You might be wondering how an air-source heat pump uses the outdoor winter air to heat a home. Believe it or not: heat can be harvested from cold outdoor air down to about 40°F. And this can be accomplished through a process you're probably already familiar with — refrigeration.

Cut-away diagram of a heat pump
Cut-away diagram
of a heat pump

Basically, a heat pump's refrigeration system consists of a compressor and two coils made of copper tubing, which are surrounded by aluminum fins to aid heat transfer. The coils look much like the radiator in your car. Like in a refrigerator or air-conditioner, refrigerant flows continuously through pipes, back and forth from the outdoor coils.

In the heating mode, liquid refrigerant extracts heat from the outside coils and air, and moves it inside as it evaporates into a gas. The indoor coils transfer heat from the refrigerant as it condenses back into a liquid. A reversing valve, near the compressor, can change the direction of the refrigerant flow for cooling as well as for defrosting the outdoor coils in winter.

When outdoor temperatures fall below 40°F, a less efficient panel of electric resistance coils, similar to those in your toaster, kicks in to provide indoor heating. This is why air-source heat pumps aren't always very efficient for heating in areas with cold winters. Fuel-burning furnaces generally can provide a more economical way to heat homes in cooler U.S. climates.

The efficiency and performance of today's air-source heat pumps is one-and-a-half to two times greater than those available 30 years ago. This improvement in efficiency has resulted from technical advances and options such as:

  • Thermostatic expansion valves for more precise control of the refrigerant flow to the indoor coil
  • Variable speed blowers, which are more efficient and can compensate for some of the adverse effects of restricted ducts, dirty filters and dirty coils
  • Improved coil design
  • Improved electric motor and two-speed compressor designs
  • Copper tubing, grooved inside to increase surface area.

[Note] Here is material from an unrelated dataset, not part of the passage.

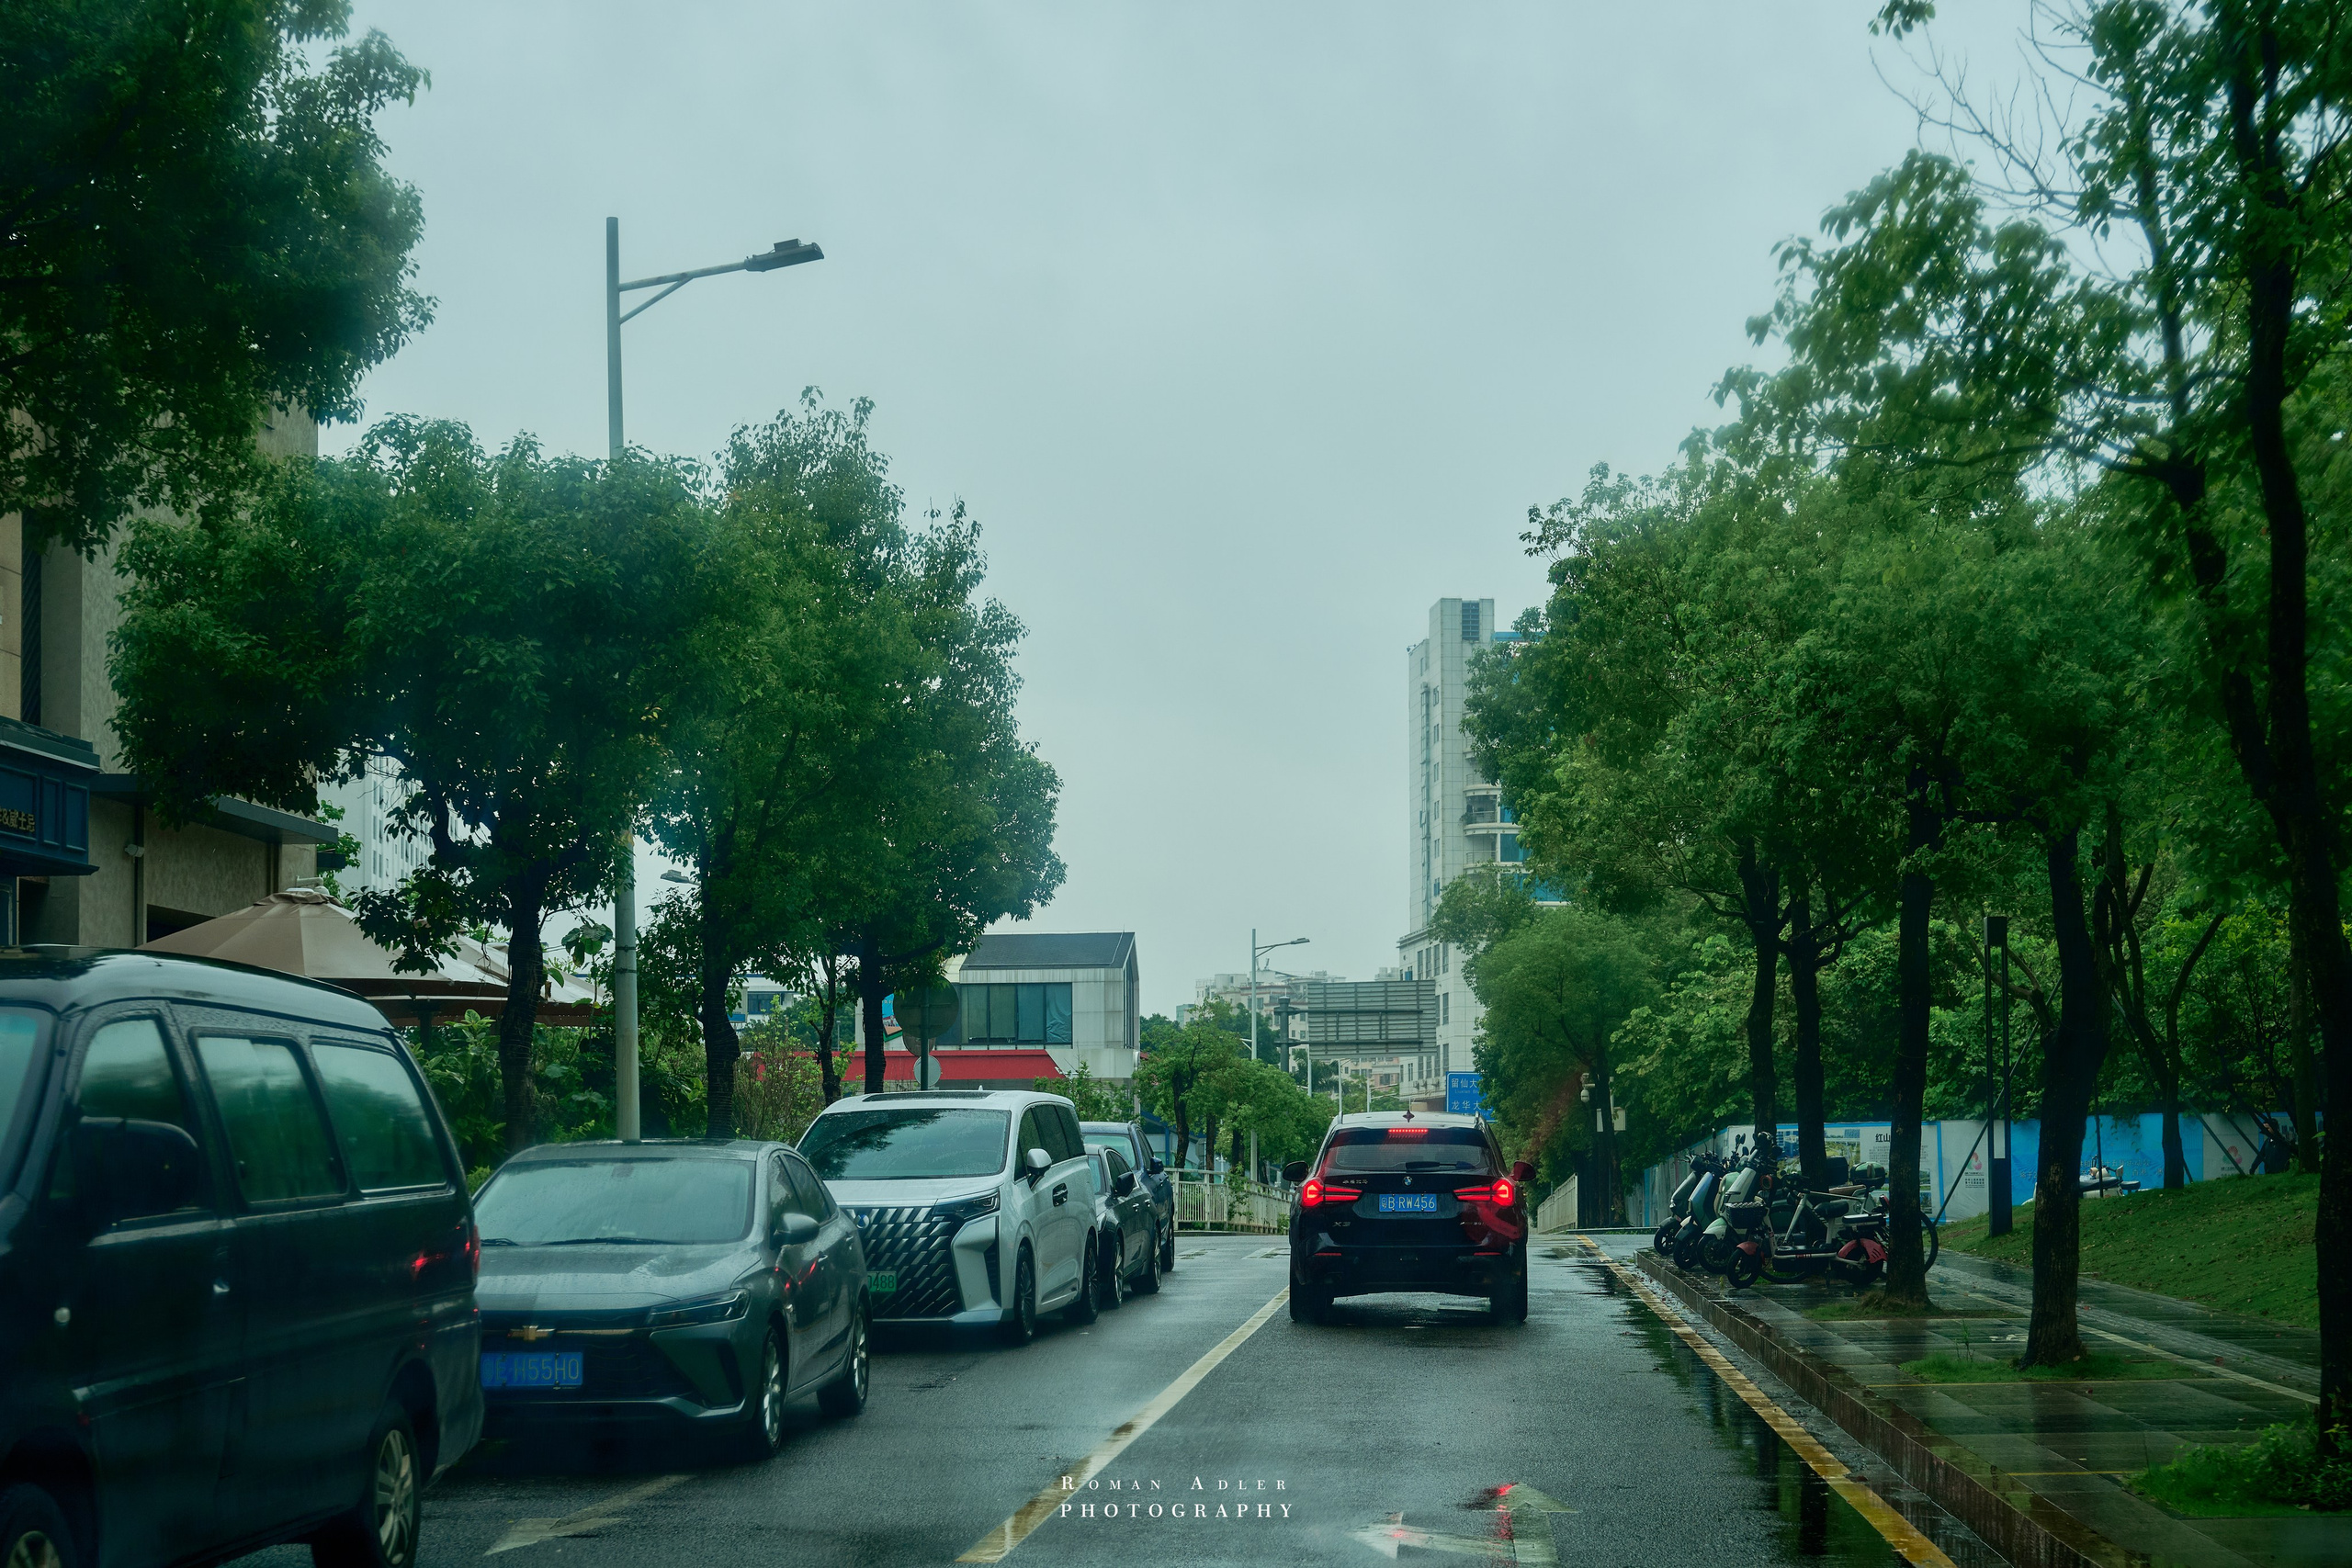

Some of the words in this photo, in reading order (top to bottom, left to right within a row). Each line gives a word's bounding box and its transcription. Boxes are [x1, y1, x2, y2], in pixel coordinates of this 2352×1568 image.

Types of Air-Source Heat Pumps

You can use a central heat pump to heat and cool a whole house. Most central heat pumps are split-systems — that is, they each have one coil indoors and one outdoors. Supply and return ducts connect to a central fan, which is located indoors. The fan, often called an air handler or blower, circulates air throughout the house. The fan also usually contains electric resistance coils (some units now have a gas-fired furnace option). The heated or cooled air circulates from the fan to the supply ducts, and openings in the home called supply registers. Return registers and ductwork return the air to the fan to be heated.

heat pump
Heat pump

Some heat pumps are packaged systems. These usually have both coils and the fan outdoors. Heated or cooled air is delivered to the interior from ductwork that protrudes through a wall or roof. Another packaged system is the ductless room heat pump. These pumps will efficiently heat or cool a room or small house with an open floor plan. They are much more common for apartments and motel rooms than homes. They can be installed in a window or through a hole in the wall — wall installations being preferable for appearances sake. Through-the-wall installations, however, sometimes aren't well insulated from inside to outside and can have infiltration problems. When used, mini-split systems can solve these problems.

Selecting a Heat Pump

When selecting an air-source heat pump, consider the following three characteristics carefully: the energy efficiency rating, sizing and the system's components.

Energy Efficiency Rating

In the United States, a heat pump's energy efficiency is rated by how many British thermal units (Btu) of heat it moves for each watt-hour of electrical energy it consumes.

Every residential heat pump sold in this country has an EnergyGuide Label, which features the heat pump's heating and cooling efficiency performance rating, comparing it to other available makes and models.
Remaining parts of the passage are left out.